_Dataset_.
|---|

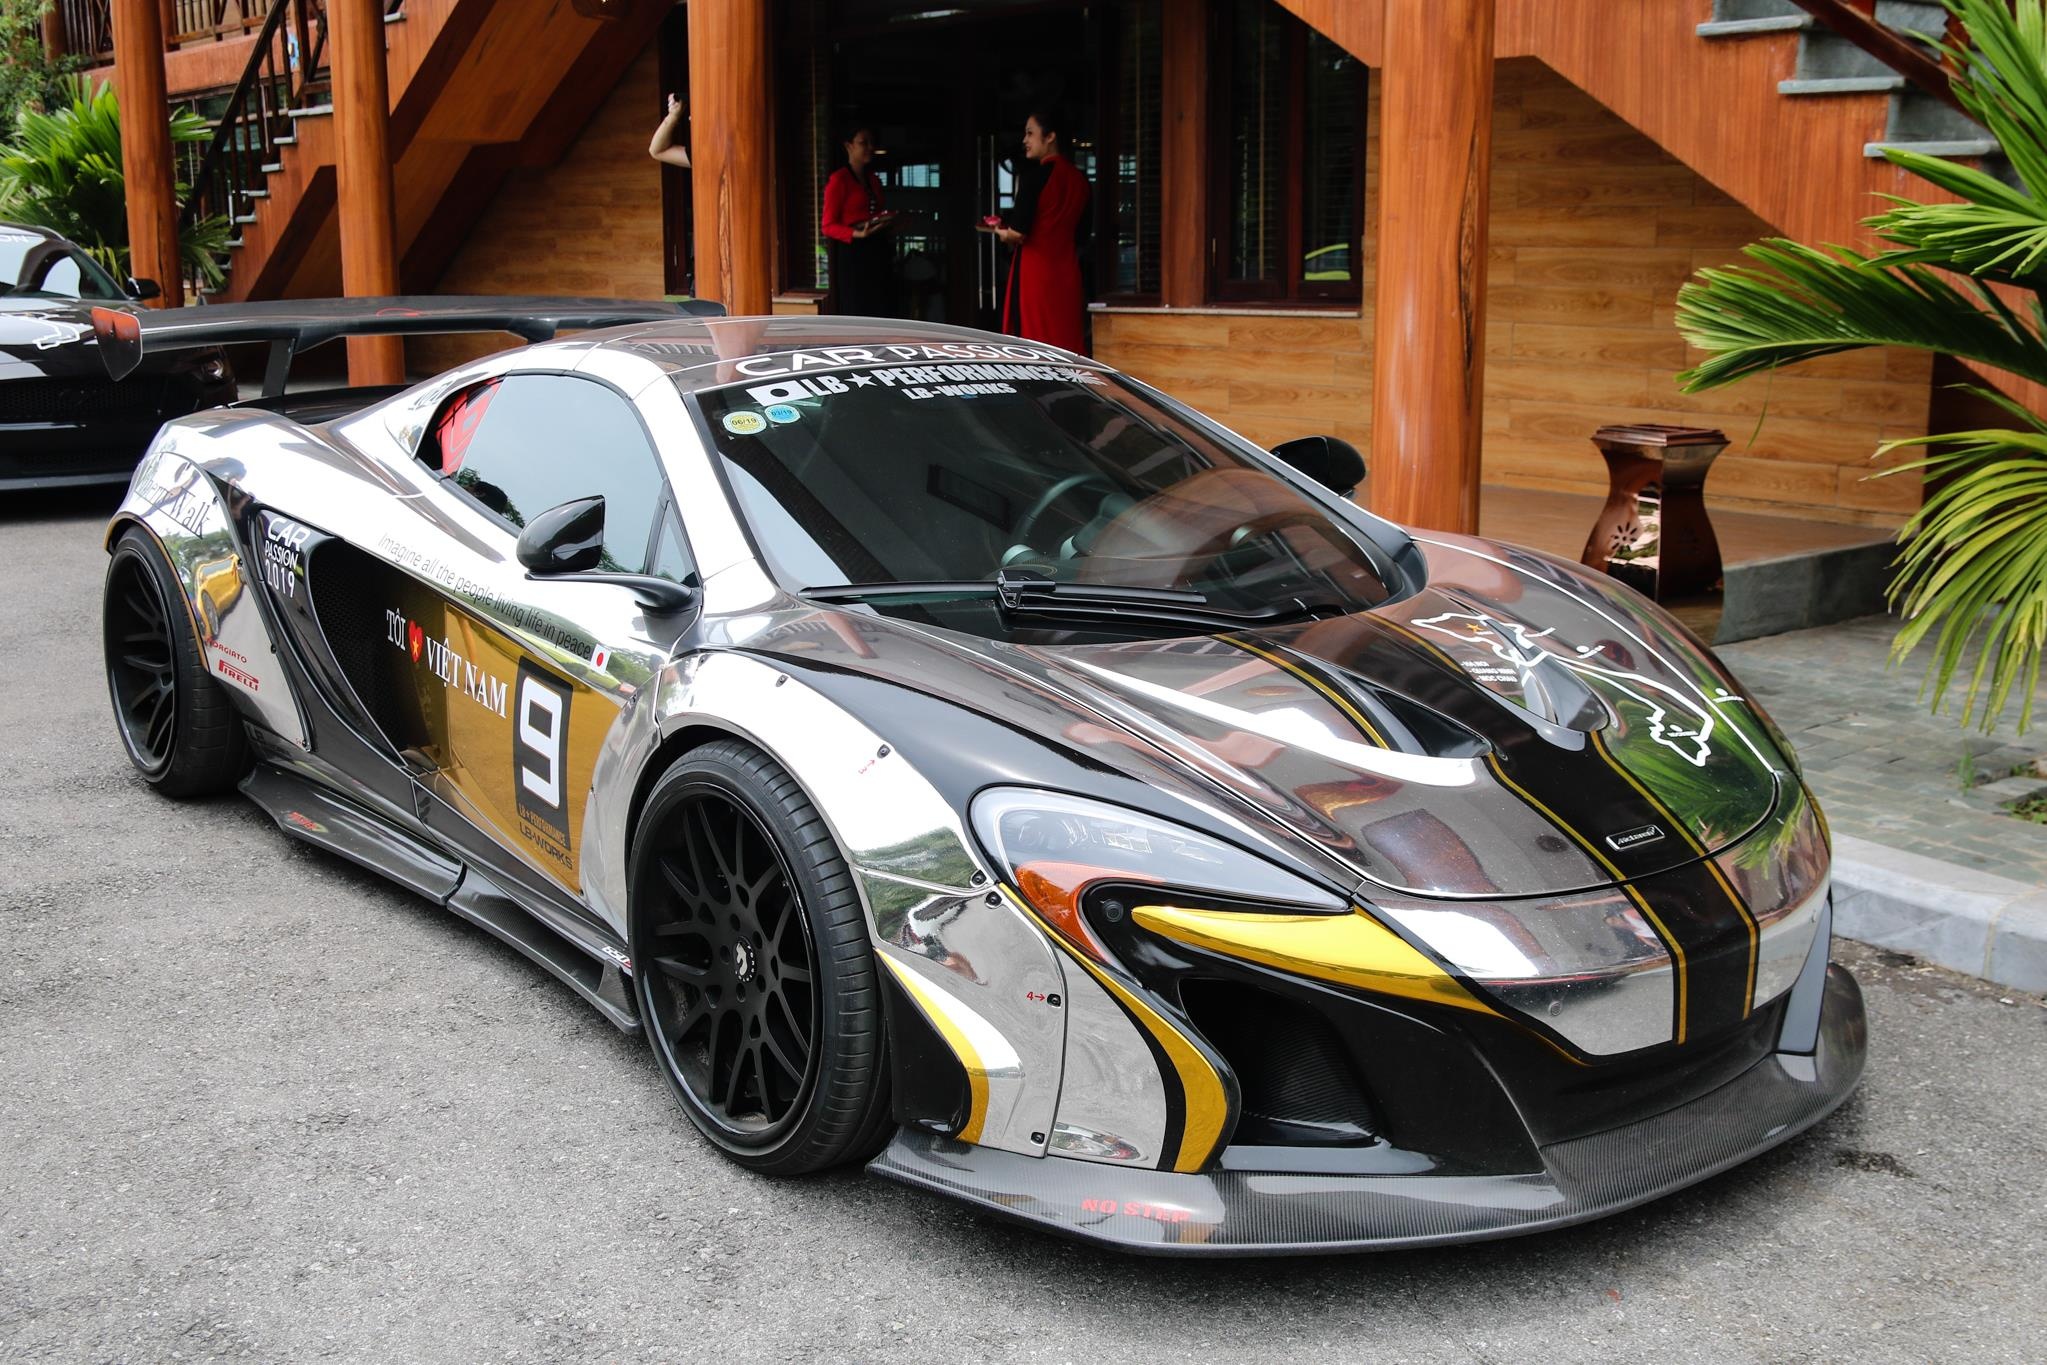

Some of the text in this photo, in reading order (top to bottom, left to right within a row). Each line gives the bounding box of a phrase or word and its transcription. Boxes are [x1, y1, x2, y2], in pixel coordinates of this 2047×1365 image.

[735, 344, 1075, 376] CAR PASSION
[800, 364, 1065, 397] LB PERFORMANCE
[901, 382, 1018, 401] LB-WORKS
[731, 417, 758, 427] 06/19
[268, 517, 311, 553] CAR
[265, 539, 299, 570] PASSION
[265, 558, 297, 599] 2019
[377, 532, 591, 660] Imagine all the people living life in peace
[218, 659, 259, 692] PIRELLI
[385, 607, 509, 719] TÔI VIỆT NAM
[520, 676, 563, 810] 9
[1080, 1199, 1192, 1224] NO STEP
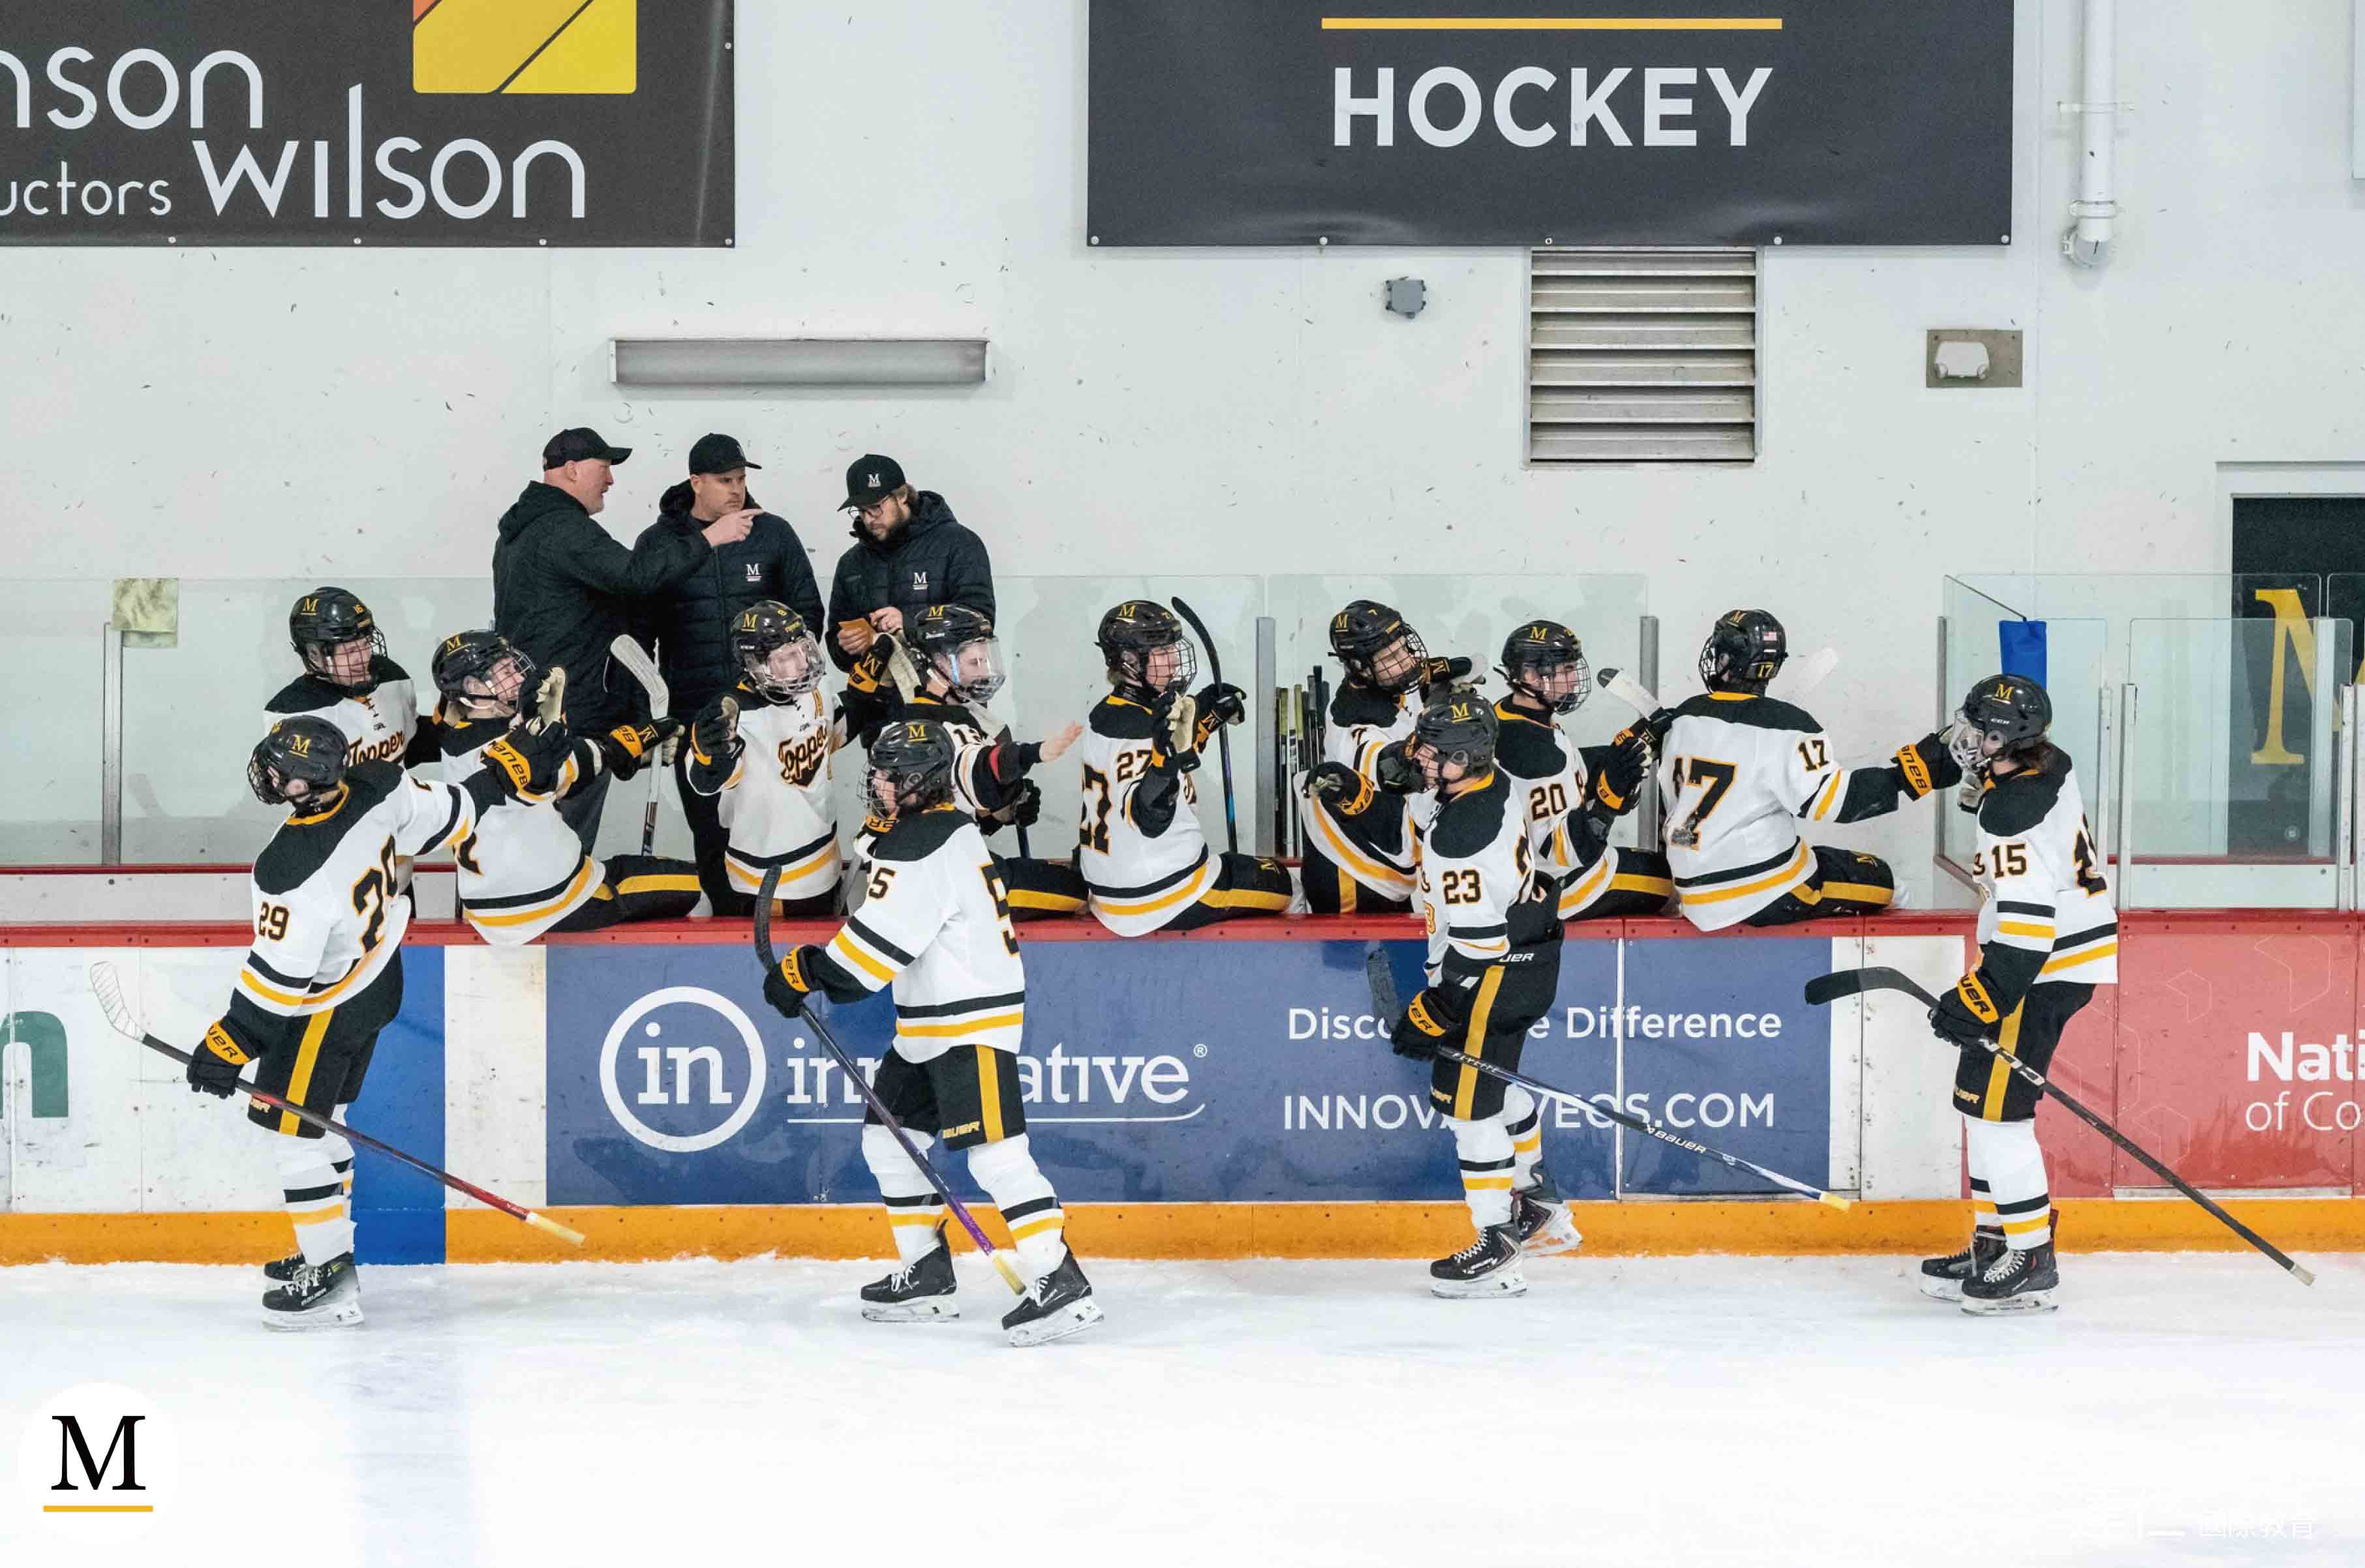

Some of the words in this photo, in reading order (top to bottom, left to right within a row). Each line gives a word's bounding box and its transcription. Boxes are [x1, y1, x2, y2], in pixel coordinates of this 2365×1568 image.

[1334, 67, 1773, 147] HOCKEY
[192, 83, 585, 219] wilson
[746, 564, 759, 576] M
[913, 571, 927, 584] M
[303, 598, 319, 612] M
[929, 606, 945, 617] M
[1118, 604, 1137, 618] M
[742, 614, 758, 628] M
[1335, 614, 1348, 629] M
[1529, 626, 1548, 641] M
[446, 636, 461, 652] M
[1758, 664, 1774, 678] 17
[1994, 683, 2015, 700] M
[1451, 702, 1469, 718] M
[908, 725, 925, 738] M
[292, 734, 311, 753] M
[1797, 740, 1829, 772] 17
[1116, 749, 1153, 784] 27
[1530, 783, 1567, 821] 20
[1992, 842, 2028, 879] 15
[868, 866, 896, 899] 5
[1442, 869, 1482, 905] 23
[258, 901, 290, 941] 29
[638, 1022, 732, 1104] in
[787, 1038, 1190, 1104] inative
[2246, 1091, 2291, 1132] of

|---|

_Work instructions_. Reproduce every record verbatim, please. Omit the images.

_Solution_.
Some of the text in this photo, in reading order (top to bottom, left to right within a row). Each line gives the bounding box of a phrase or word and its transcription. Boxes are [x1, y1, x2, y2], in pixel coordinates of this 2047×1365 image.

[735, 344, 1075, 376] CAR PASSION
[800, 364, 1065, 397] LB PERFORMANCE
[901, 382, 1018, 401] LB-WORKS
[731, 417, 758, 427] 06/19
[268, 517, 311, 553] CAR
[265, 539, 299, 570] PASSION
[265, 558, 297, 599] 2019
[377, 532, 591, 660] Imagine all the people living life in peace
[218, 659, 259, 692] PIRELLI
[385, 607, 509, 719] TÔI VIỆT NAM
[520, 676, 563, 810] 9
[1080, 1199, 1192, 1224] NO STEP

Some of the words in this photo, in reading order (top to bottom, left to right within a row). Each line gives a word's bounding box and its transcription. Boxes are [x1, y1, x2, y2], in pixel coordinates of this 2365×1568 image.

[1334, 67, 1773, 147] HOCKEY
[192, 83, 585, 219] wilson
[746, 564, 759, 576] M
[913, 571, 927, 584] M
[303, 598, 319, 612] M
[929, 606, 945, 617] M
[1118, 604, 1137, 618] M
[742, 614, 758, 628] M
[1335, 614, 1348, 629] M
[1529, 626, 1548, 641] M
[446, 636, 461, 652] M
[1758, 664, 1774, 678] 17
[1994, 683, 2015, 700] M
[1451, 702, 1469, 718] M
[908, 725, 925, 738] M
[292, 734, 311, 753] M
[1797, 740, 1829, 772] 17
[1116, 749, 1153, 784] 27
[1530, 783, 1567, 821] 20
[1992, 842, 2028, 879] 15
[868, 866, 896, 899] 5
[1442, 869, 1482, 905] 23
[258, 901, 290, 941] 29
[638, 1022, 732, 1104] in
[787, 1038, 1190, 1104] inative
[2246, 1091, 2291, 1132] of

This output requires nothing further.